+++ Data excerpts +++

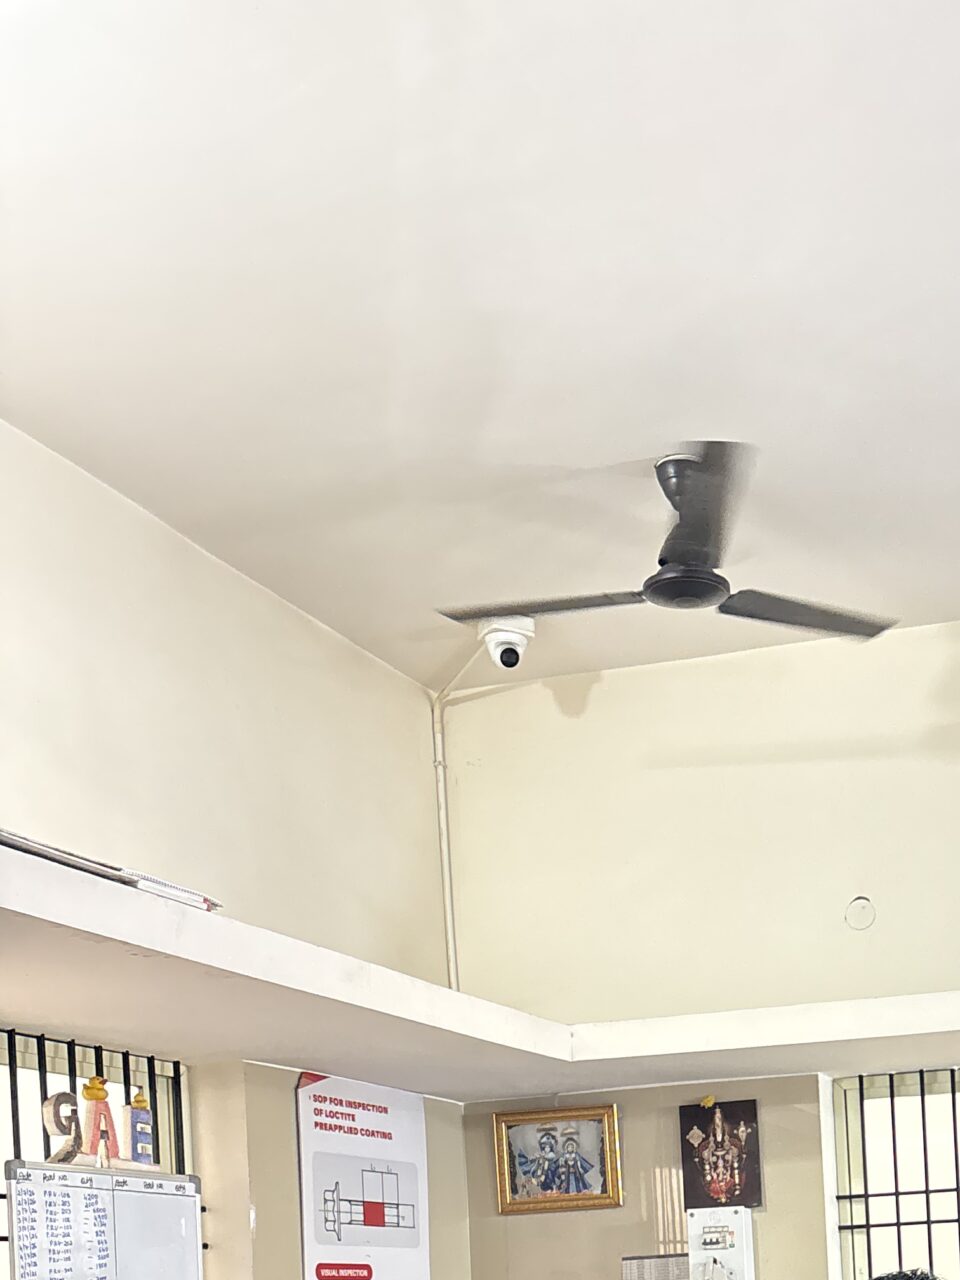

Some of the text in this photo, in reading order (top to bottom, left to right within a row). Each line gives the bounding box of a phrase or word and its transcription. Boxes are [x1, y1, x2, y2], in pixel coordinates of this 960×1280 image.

[312, 1094, 389, 1114] SOP FOR INSPECTION
[313, 1107, 356, 1122] OF LOCTITE
[314, 1121, 393, 1141] PREAPPLIED COATING
[320, 1268, 369, 1277] VISUAL INSPECTION
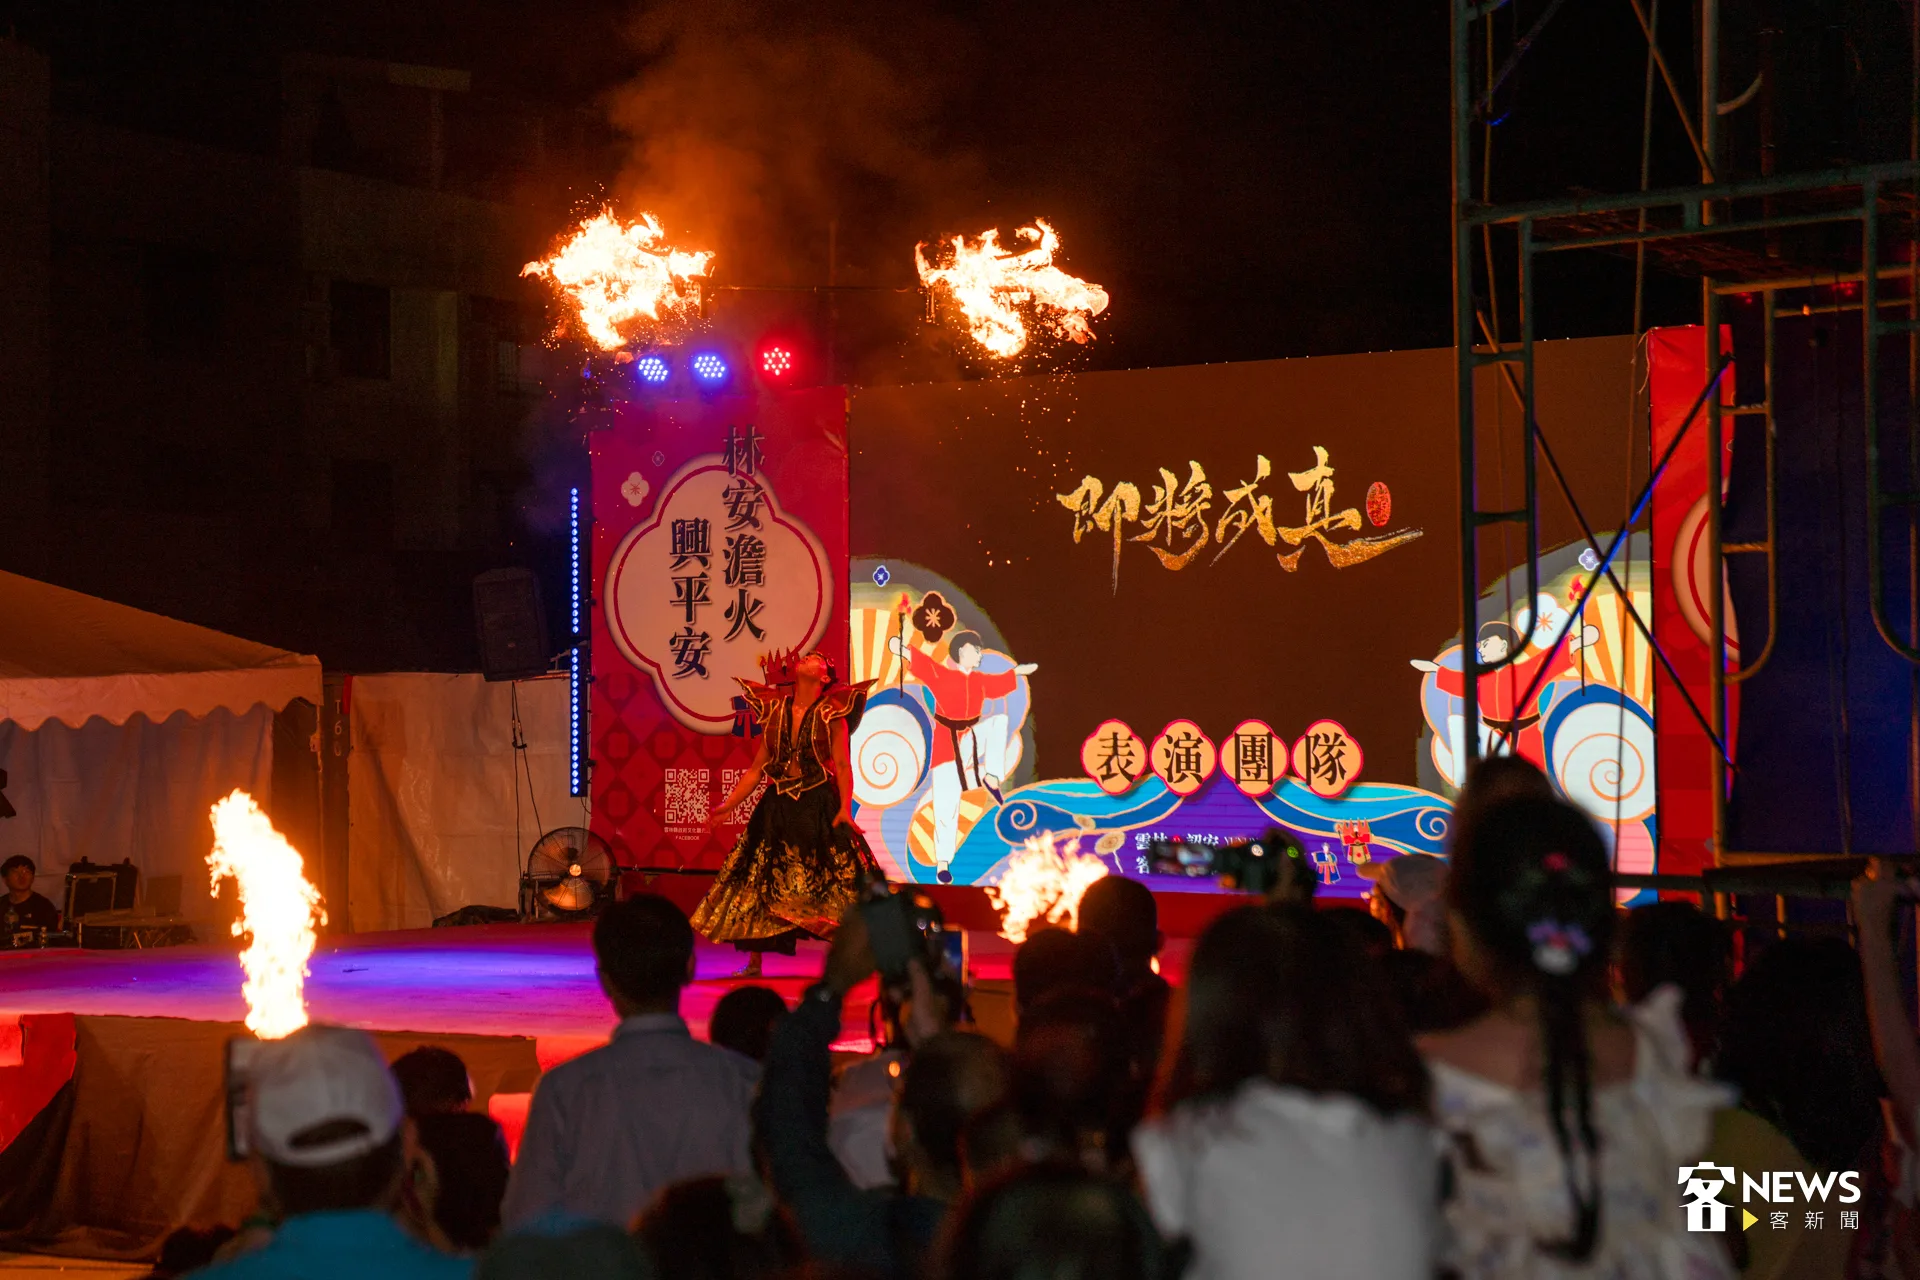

+++

Problem statement
Apart from the pictures, the whole listing should be reproduced exactly.

Answer for the task
Some of the text in this photo, in reading order (top to bottom, left to right within a row). Each line gives the bounding box of a phrase or word and its transcription. Boxes are [x1, y1, x2, y2], in pixel coordinates of this 960×1280 image.

[312, 1094, 389, 1114] SOP FOR INSPECTION
[313, 1107, 356, 1122] OF LOCTITE
[314, 1121, 393, 1141] PREAPPLIED COATING
[320, 1268, 369, 1277] VISUAL INSPECTION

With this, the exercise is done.